During the era of civil wars and the Commonwealth, significant building in Scotland was largely confined to military architecture. After the Restoration, large scale building began again, often incorporating more comprehensive ideas of reviving classicism. Sir William Bruce (1630–1710), was the key figure in introducing the Palladian style into Scotland, following the principles of the Venetian architect Andrea Palladio (1508–80). He built and remodelled country houses, including Thirlestane Castle and Prestonfield House. Among his most significant work was his own Palladian mansion at Kinross. As the Surveyor and Overseer of the Royal Works he undertook the rebuilding of the Royal Palace of Holyroodhouse in the 1670s, which gave the palace its present appearance. James Smith worked as a mason on the Bruce's rebuilding of Holyrood Palace. With his father-in-law, the master mason Robert Mylne, Smith worked on Caroline Park in Edinburgh (1685), and Drumlanrig Castle (1680s).

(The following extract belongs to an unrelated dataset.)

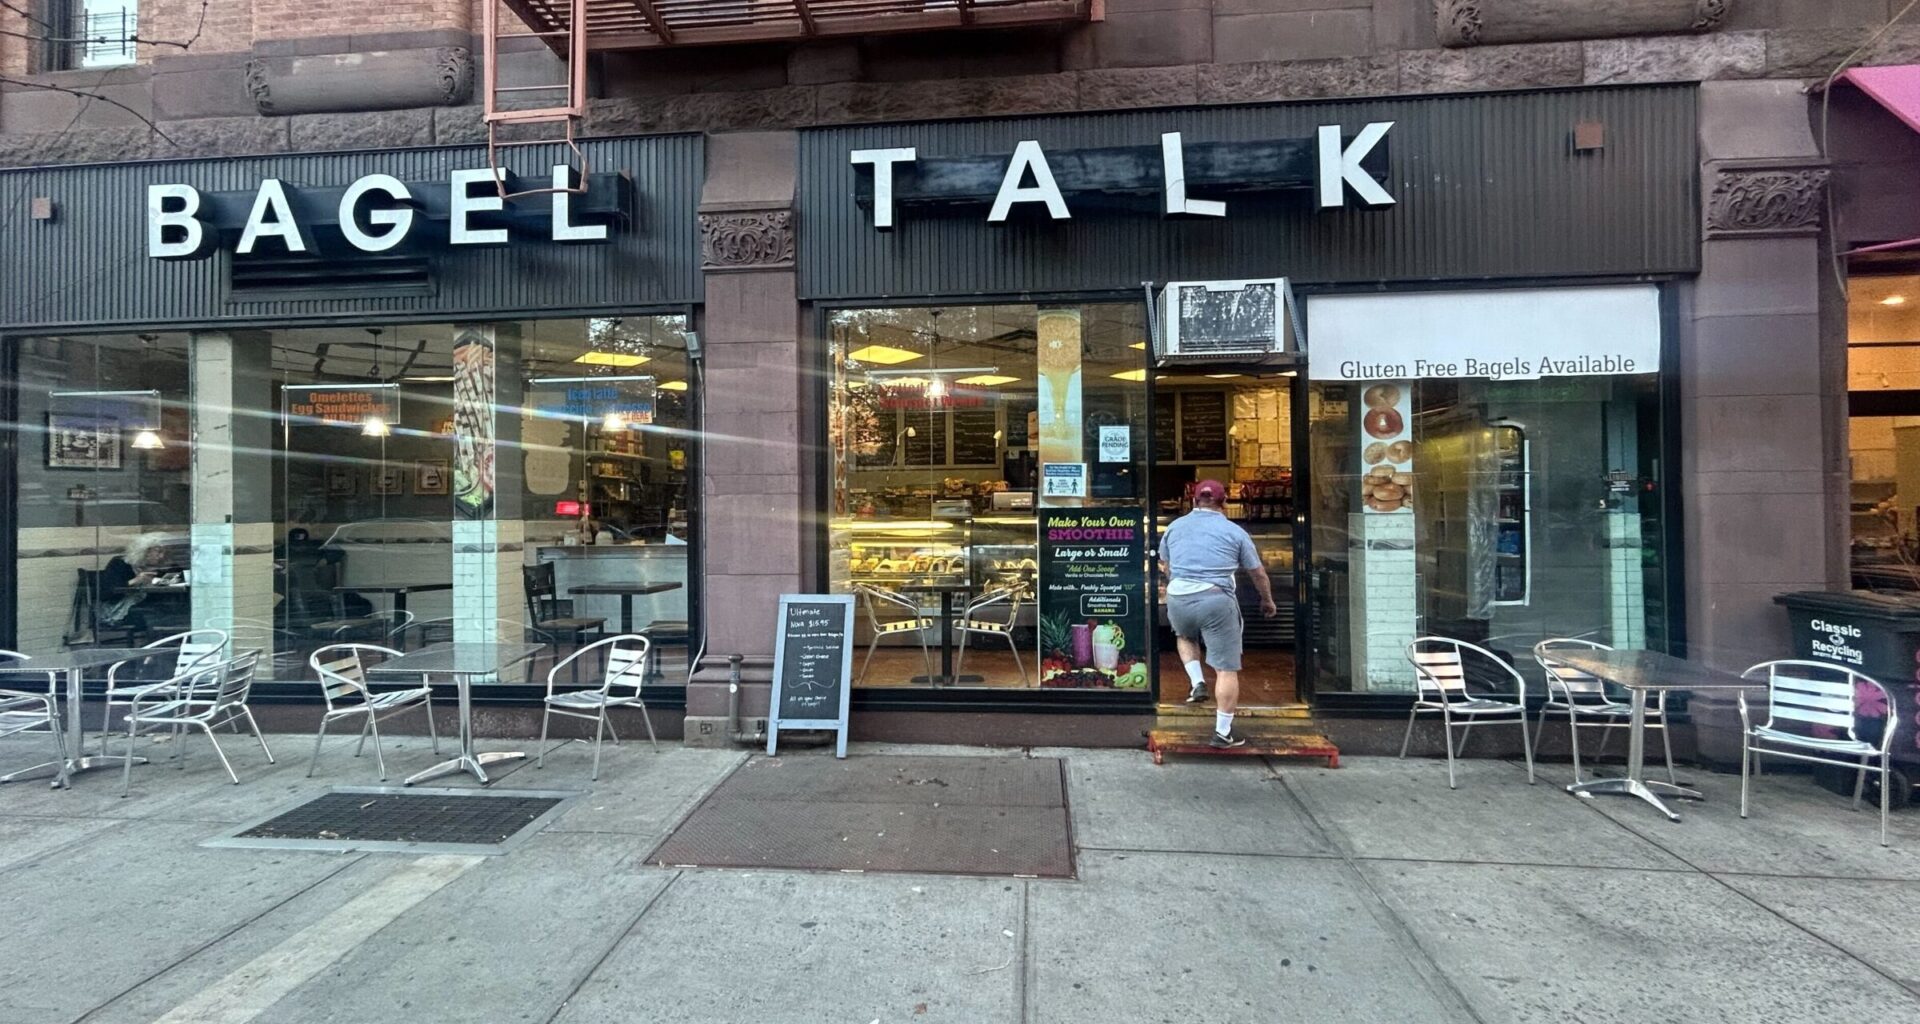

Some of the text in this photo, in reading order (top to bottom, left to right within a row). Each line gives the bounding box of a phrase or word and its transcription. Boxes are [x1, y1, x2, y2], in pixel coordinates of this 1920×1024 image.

Smith's country houses followed the pattern established by William Bruce, with hipped roofs and pedimented fronts, in a plain but handsome Palladian style. After the Act of Union, growing prosperity in Scotland led to a spate of new building, both public and private. William Adam (1689–1748), was the foremost architect of his time in Scotland, designing and building numerous country houses and public buildings. His individual, exuberant, style was built on the Palladian style, but with Baroque details inspired by Vanbrugh and Continental architecture.

===Art===

The seventeenth-century painted ceiling at Aberdour Castle, Fife.

Surviving stone and wood carvings, wall paintings and tapestries suggest the richness of sixteenth century royal art. At Stirling castle stone carvings on the royal palace from the reign of James V are taken from German patterns, and like the surviving carved oak portrait roundels from the King's Presence Chamber, known as the Stirling Heads, they include contemporary, biblical and classical figures. Scotland's ecclesiastical art suffered as a result of Reformation iconoclasm, with the almost total loss of medieval stained glass, religious sculpture and paintings. The parallel loss of ecclesiastical patronage created a crisis for native craftsmen and artists, who turned to secular patrons. One result of this was the flourishing of Scottish Renaissance painted ceilings and walls, with large numbers of private houses of burgesses, lairds and lords gaining often highly detailed and coloured patterns and scenes, of which over a hundred examples survive. These include the ceiling at Prestongrange, undertaken in 1581 for Mark Kerr, Commendator of Newbattle and the long gallery at Pinkie House, painted for Alexander Seton, Earl of Dunfermline in 1621. These were undertaken by unnamed Scottish artists using continental pattern books that often led to the incorporation of humanist moral and philosophical symbolism, with elements that call on heraldry, piety, classical myths and allegory. The tradition of royal portrait painting in Scotland was probably disrupted by the minorities and regencies it underwent for much of the sixteenth century, but began to flourish after the Reformation. There were anonymous portraits of important individuals, including the Earl of Bothwell (1566) and George, 7th Lord Seton (c. 1570s). James VI employed two Flemish artists, Arnold Bronckorst in the early 1580s, and Adrian Vanson from around 1584 to 1602, who have left us a visual record of the king and major figures at the court. The first significant native artist was George Jamesone of Aberdeen (1589/90-1644), who became one of the most successful portrait painters of the reign of Charles I and trained the Baroque artist John Michael Wright (1617–94). Many painters of the early part of the eighteenth century remained largely artisans, like the members of the Norie family, James (1684–1757) and his sons, who painted the houses of the peerage with Scottish landscapes that were pastiches of Italian and Dutch landscapes.